The equioscillation theorem interleaves the Haar condition, the existence and uniqueness and strong uniqueness of the optimal Chebyshev approximation and its characterization by the equioscillation condition in a way that cannot extend to multivariate approximation: Rice~[\emph{Transaction of the AMS}, 1963] says ''A form of alternation is still present for functions of several variables. However, there is apparently no simple method of distinguishing between the alternation of a best approximation and the alternation of other approximating functions. This is due to the fact that there is no natural ordering of the critical points.'' In addition, in the context of multivariate approximation the Haar condition is typically not satisfied and strong uniqueness may hold or not. The present paper proposes an multivariate equioscillation theorem, which includes such a simple alternation condition on error extrema, existence and a sufficient condition for strong uniqueness. To this end, the relationship between the properties interleaved in the univariate equioscillation theorem is clarified: first, a weak Haar condition is proposed, which simply implies existence. Second, the equioscillation condition is shown to be equivalent to the optimality condition of convex optimization, hence characterizing optimality independently from uniqueness. It is reformulated as the synchronized oscillations between the error extrema and the components of a related Haar matrix kernel vector, in a way that applies to multivariate approximation. Third, an additional requirement on the involved Haar matrix and its kernel vector, called strong equioscillation, is proved to be sufficient for the strong uniqueness of the solution. These three disconnected conditions give rise to a multivariate equioscillation theorem, where existence, characterization by equioscillation and strong uniqueness are separated, without involving the too restrictive Haar condition. Remarkably, relying on optimality condition of convex optimization gives rise to a quite simple proof. Instances of multivariate problems with strongly unique, non-strong but unique and non-unique solutions are presented to illustrate the scope of the theorem.

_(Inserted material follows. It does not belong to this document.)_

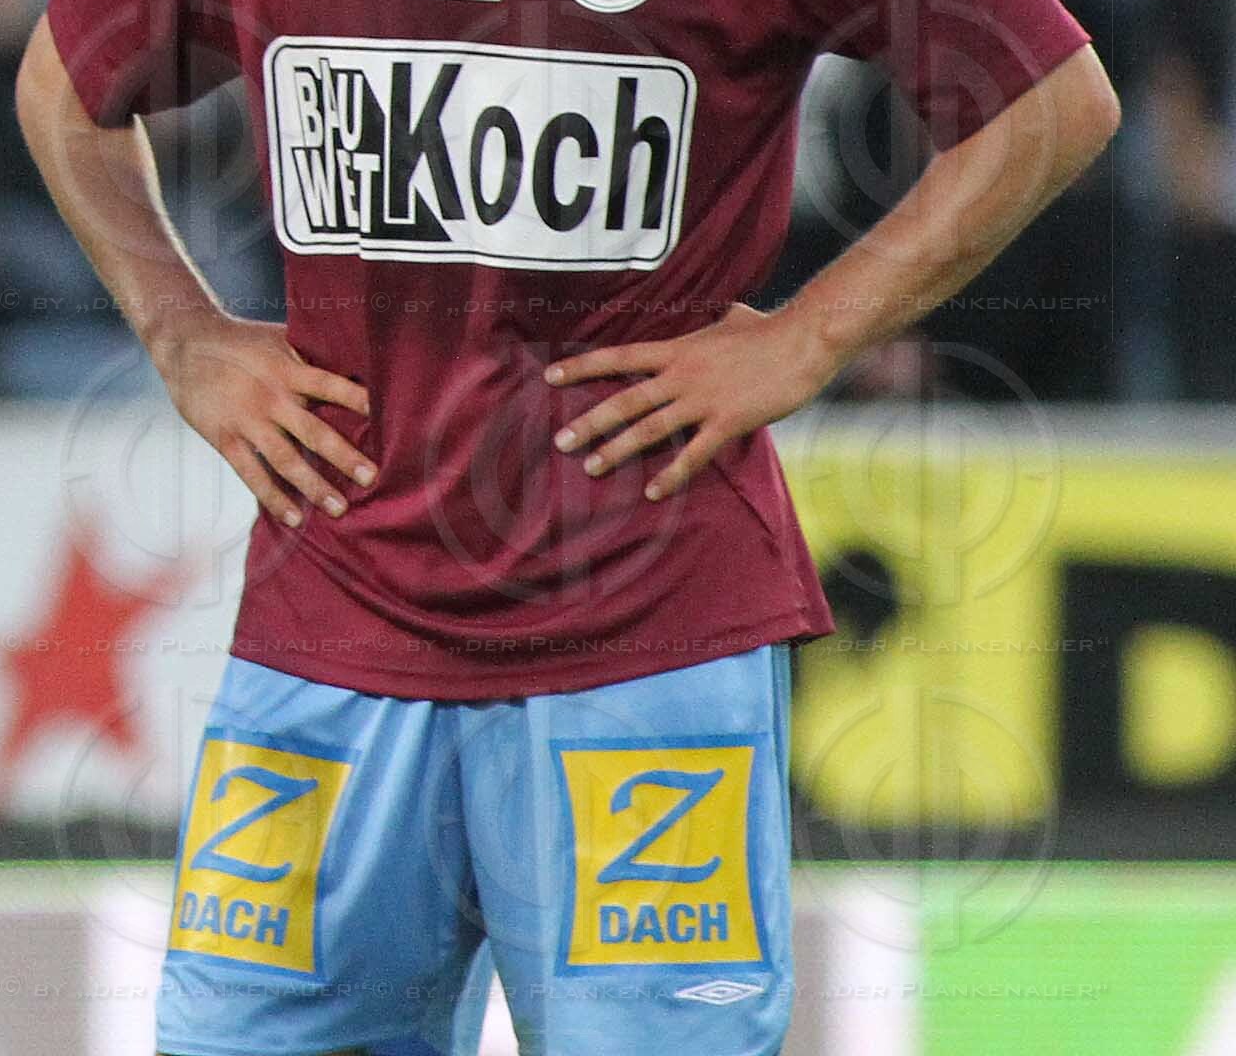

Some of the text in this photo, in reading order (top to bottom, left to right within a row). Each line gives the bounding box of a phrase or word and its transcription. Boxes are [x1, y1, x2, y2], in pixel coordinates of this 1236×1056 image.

[388, 62, 672, 232] Koch
[178, 891, 290, 947] DACH
[599, 902, 729, 945] DACH
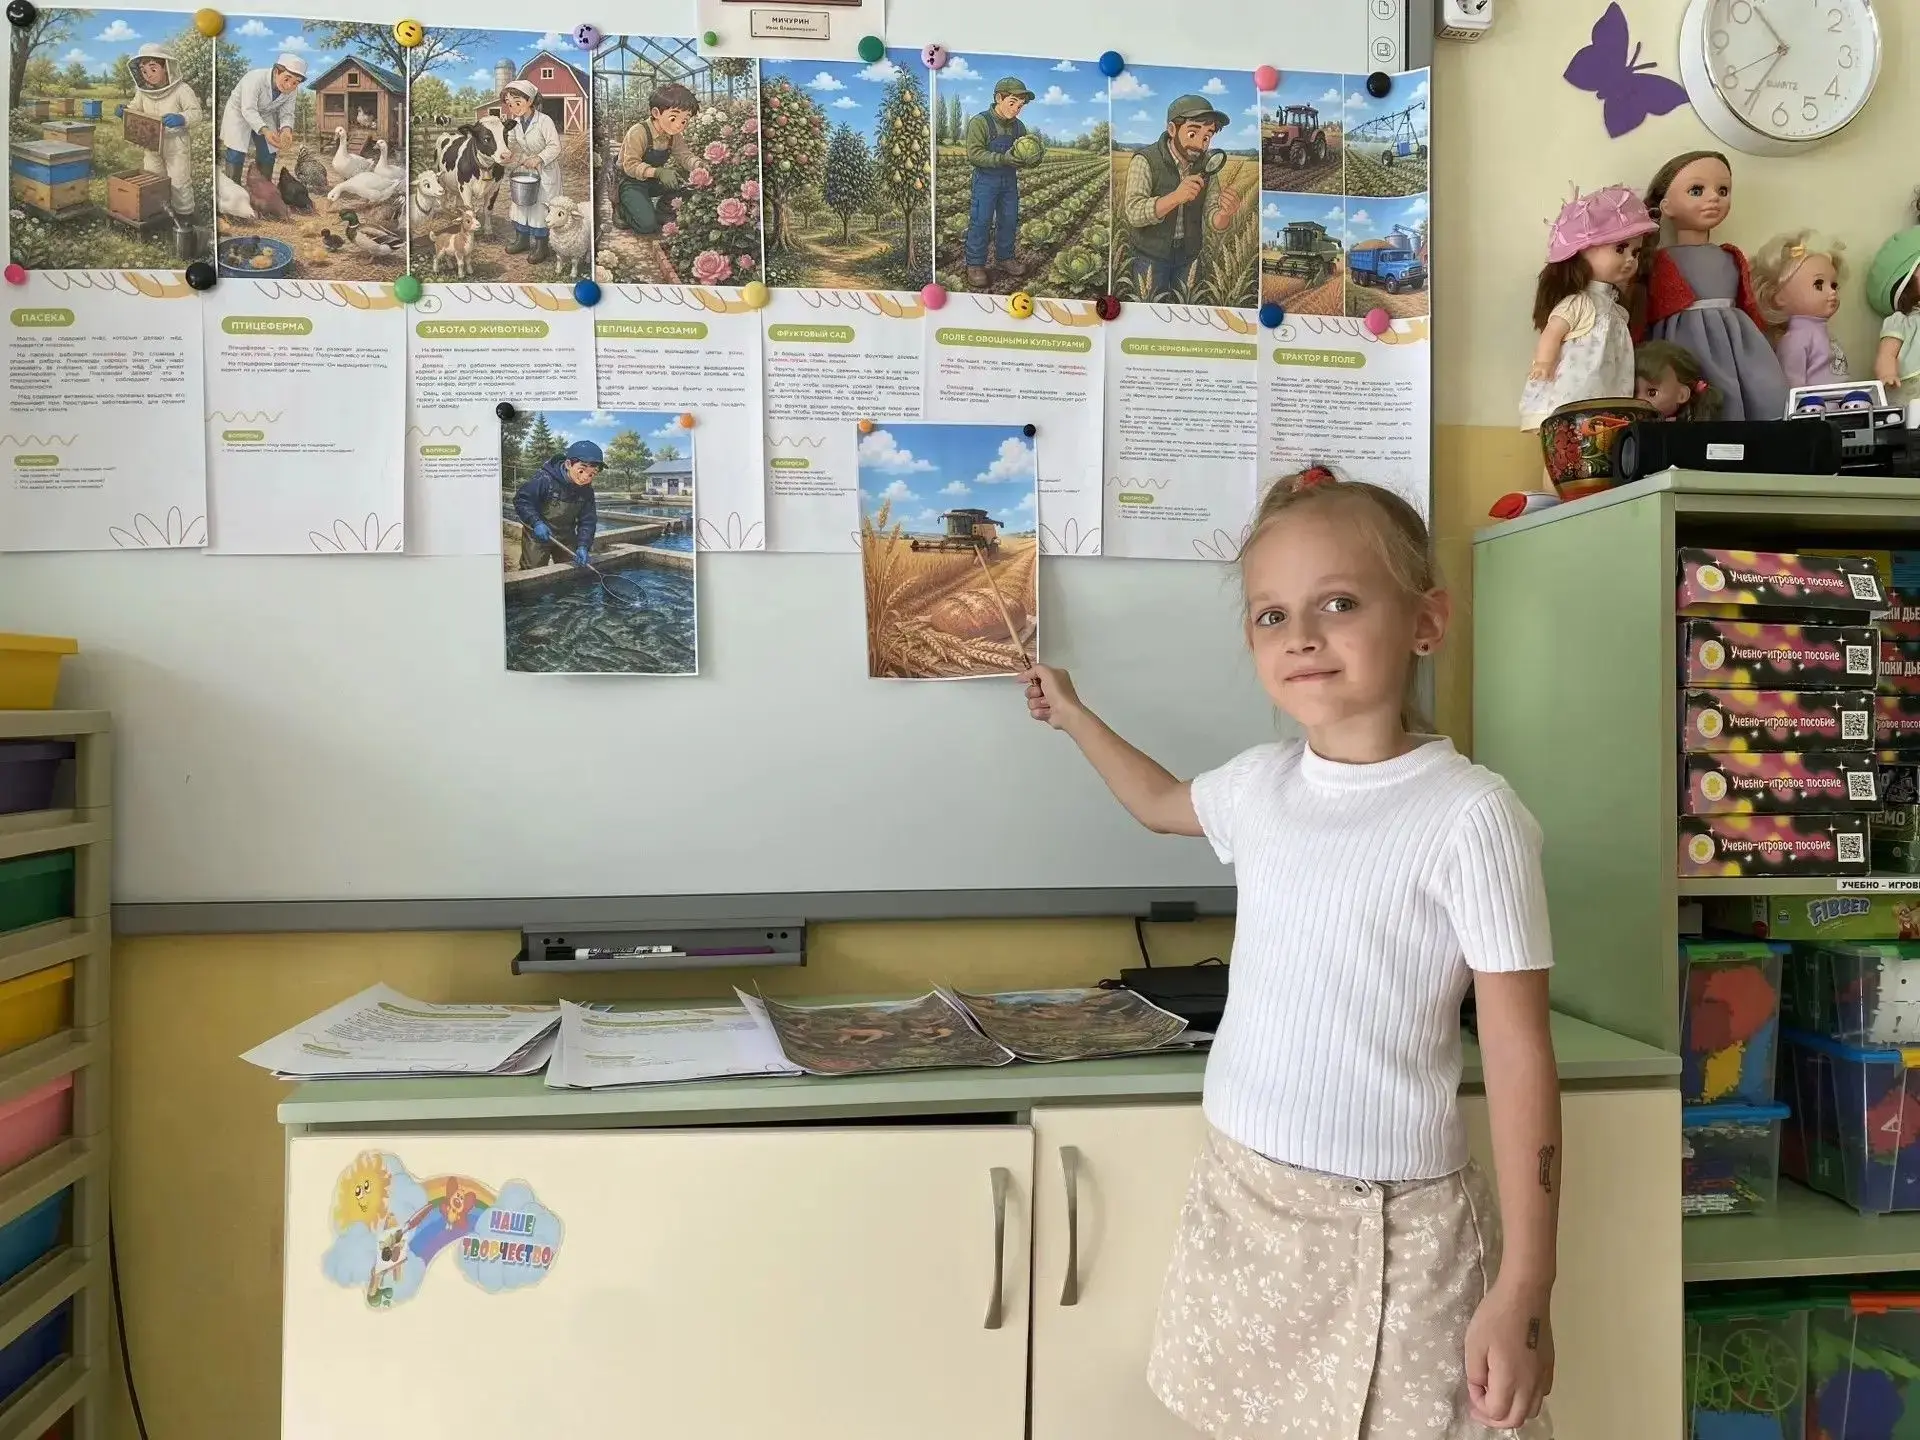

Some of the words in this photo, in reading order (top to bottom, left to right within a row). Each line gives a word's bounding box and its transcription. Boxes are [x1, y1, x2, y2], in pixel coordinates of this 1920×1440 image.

翻译：等振荡定理通过Haar条件、最佳切比雪夫逼近的存在性与唯一性及强唯一性、以及等振荡条件的刻画相互交织，但其方式无法推广至多元逼近：Rice~[\emph{《美国数学会汇刊》}，1963]指出，“多变量函数仍存在某种形式的交错现象。然而，似乎没有简单方法区分最佳逼近的交错与其他逼近函数的交错。这是由于临界点缺乏自然排序所致。”此外，在多元逼近语境下，Haar条件通常不成立，而强唯一性可能成立也可能不成立。本文提出了一个多元等振荡定理，该定理包含关于误差极值的简单交错条件、存在性及强唯一性的充分条件。为此，首先澄清了单变量等振荡定理中交织性质之间的关系：首先提出弱Haar条件，该条件直接蕴含存在性；其次证明等振荡条件等价于凸优化的最优性条件，从而在不依赖唯一性的前提下刻画最优性；该条件被重新表述为误差极值与相关Haar矩阵核向量分量之间的同步振荡，使其适用于多元逼近；最后，对涉及的Haar矩阵及其核向量增加一个称为强等振荡的额外要求，并证明该条件是解强唯一性的充分条件。这三个相互独立的条件构成了多元等振荡定理，其中存在性、等振荡条件刻画及强唯一性被分离处理，避免了过于严格的Haar条件。值得注意，基于凸优化最优性条件可得出相当简洁的证明。本文还给出了具有强唯一解、非强唯一但唯一解以及非唯一解的多元问题实例，以阐明定理的适用范围。